Annotated photo localization data:

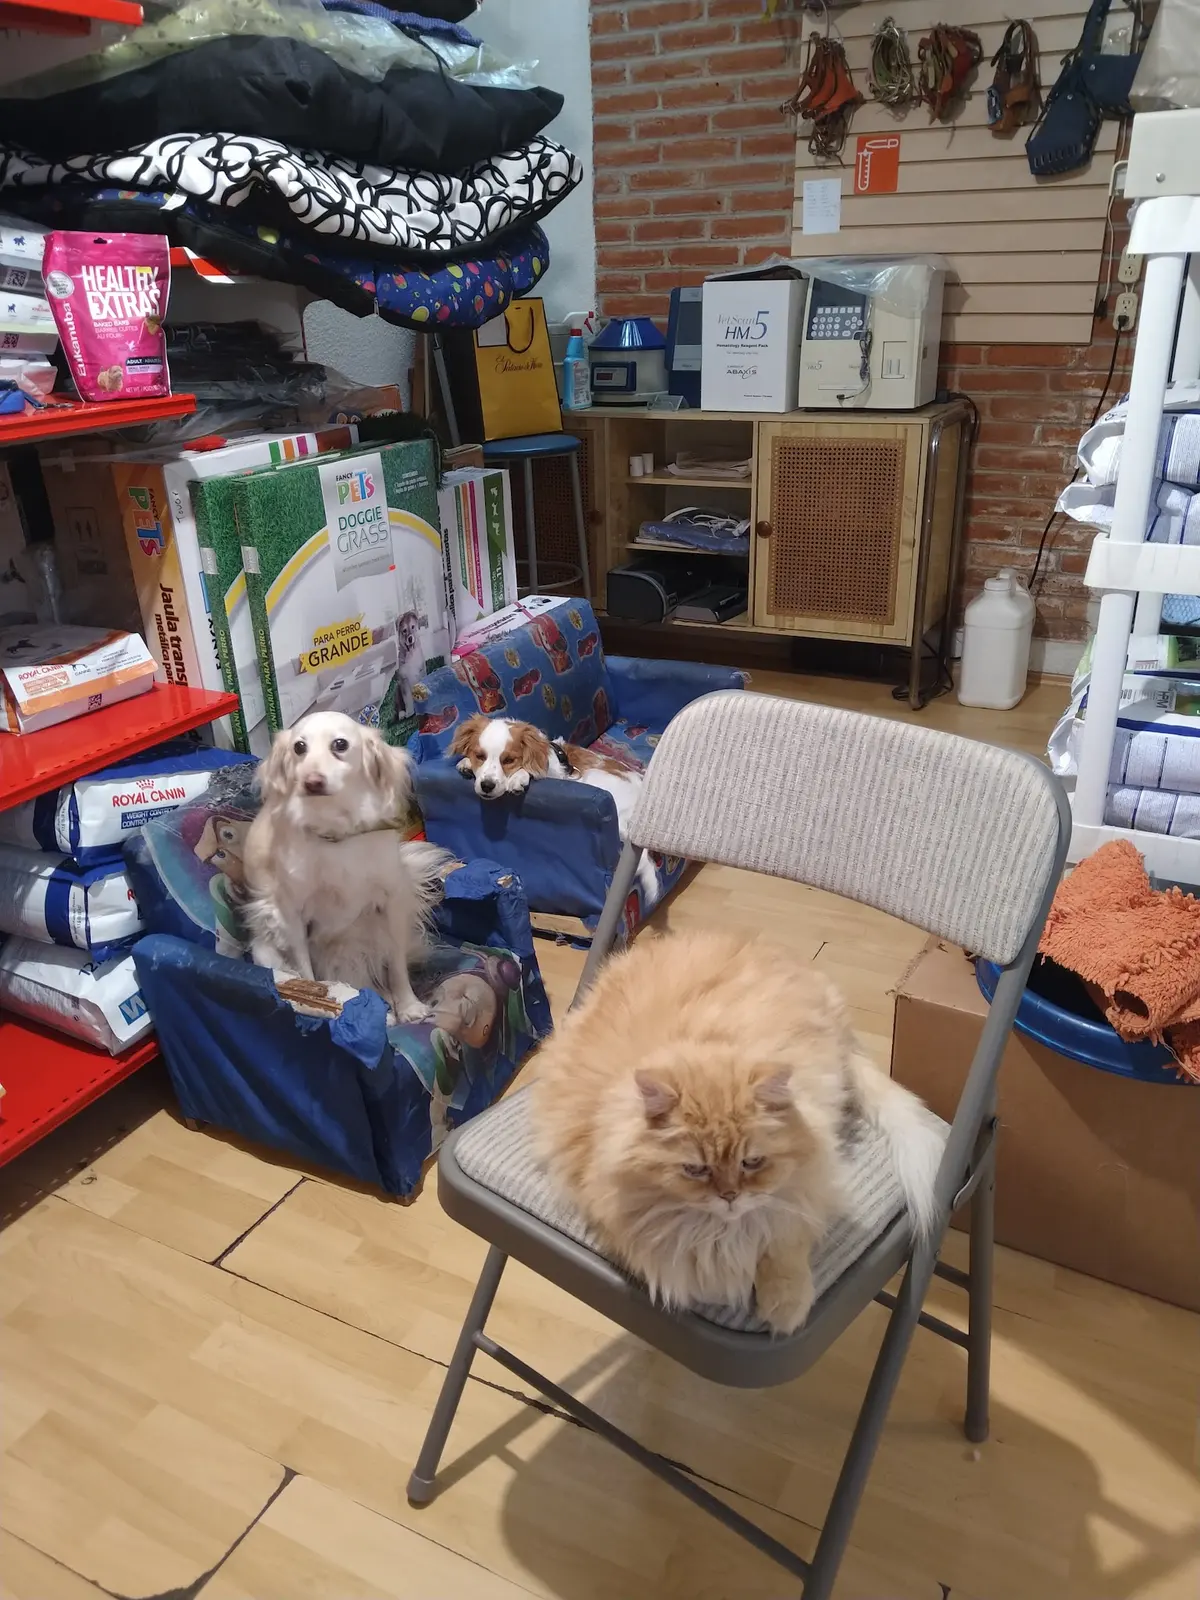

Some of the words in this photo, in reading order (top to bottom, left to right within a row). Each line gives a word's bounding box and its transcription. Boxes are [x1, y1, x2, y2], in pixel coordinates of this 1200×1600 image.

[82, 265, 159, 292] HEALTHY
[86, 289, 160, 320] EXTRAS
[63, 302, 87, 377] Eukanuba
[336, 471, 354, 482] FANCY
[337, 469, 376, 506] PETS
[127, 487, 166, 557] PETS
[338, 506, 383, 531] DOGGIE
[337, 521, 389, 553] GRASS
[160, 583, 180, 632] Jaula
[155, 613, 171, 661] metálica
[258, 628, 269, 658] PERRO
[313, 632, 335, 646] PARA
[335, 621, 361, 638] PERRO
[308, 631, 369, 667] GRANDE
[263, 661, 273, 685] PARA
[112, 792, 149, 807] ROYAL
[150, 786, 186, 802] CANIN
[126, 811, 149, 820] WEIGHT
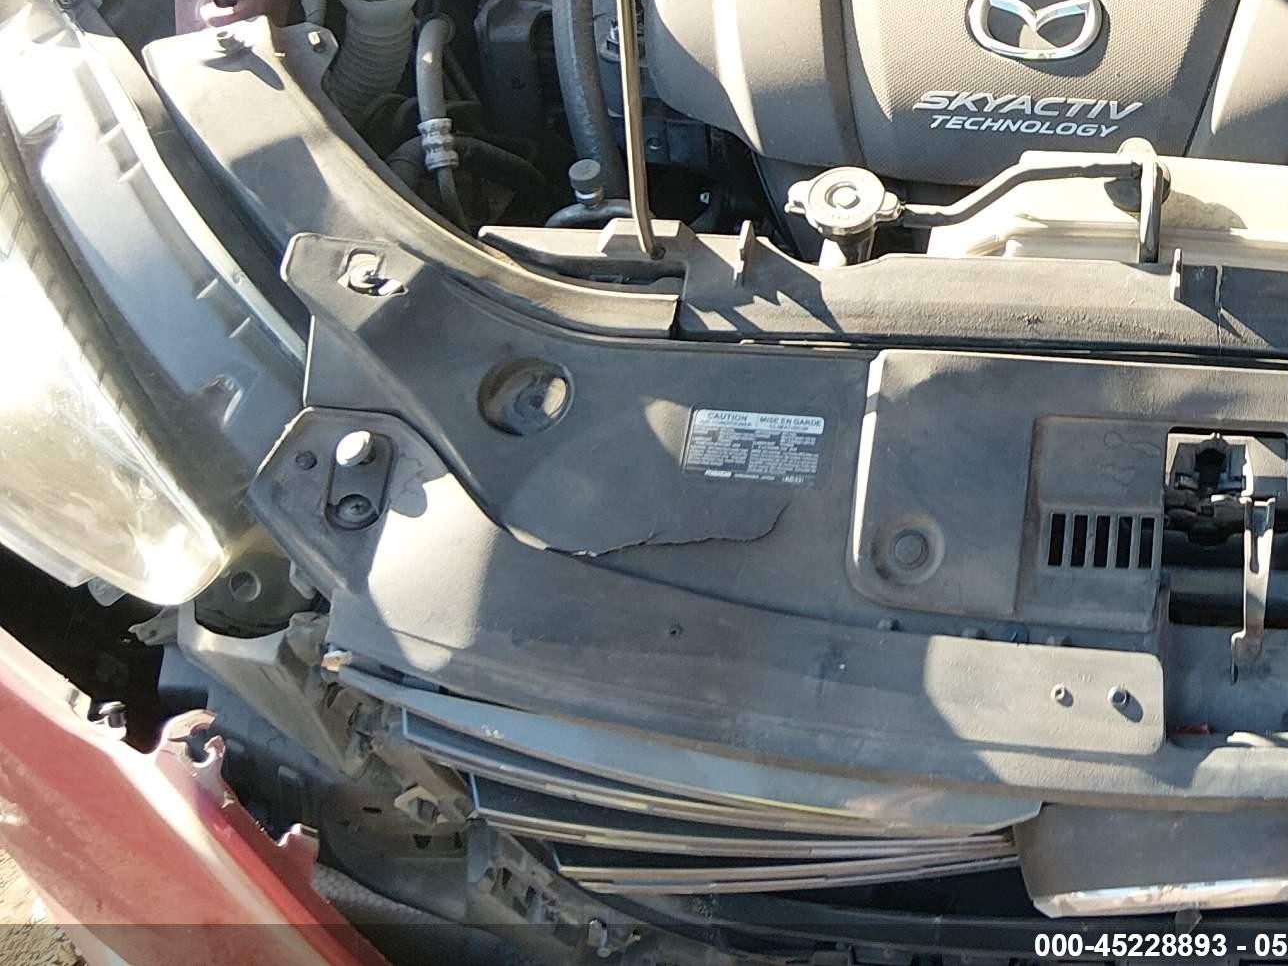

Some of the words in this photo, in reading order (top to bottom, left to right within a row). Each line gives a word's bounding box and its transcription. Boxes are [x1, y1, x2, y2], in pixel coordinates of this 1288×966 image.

> Exercise goal:
Omit every picture, and otherwise quote the entries exactly.

> Response:
Some of the words in this photo, in reading order (top to bottom, left to right within a row). Each line gives a word's bounding box and its transcription. Boxes are [x1, y1, x2, y2], in pixel coordinates of this 1200×1600 image.

[82, 265, 159, 292] HEALTHY
[86, 289, 160, 320] EXTRAS
[63, 302, 87, 377] Eukanuba
[336, 471, 354, 482] FANCY
[337, 469, 376, 506] PETS
[127, 487, 166, 557] PETS
[338, 506, 383, 531] DOGGIE
[337, 521, 389, 553] GRASS
[160, 583, 180, 632] Jaula
[155, 613, 171, 661] metálica
[258, 628, 269, 658] PERRO
[313, 632, 335, 646] PARA
[335, 621, 361, 638] PERRO
[308, 631, 369, 667] GRANDE
[263, 661, 273, 685] PARA
[112, 792, 149, 807] ROYAL
[150, 786, 186, 802] CANIN
[126, 811, 149, 820] WEIGHT

Some of the words in this photo, in reading order (top to bottom, left to right within a row). Each line gives a word's bounding box and its transcription. Boxes are [x1, y1, x2, y2], in pixel coordinates of this 1288×966 image.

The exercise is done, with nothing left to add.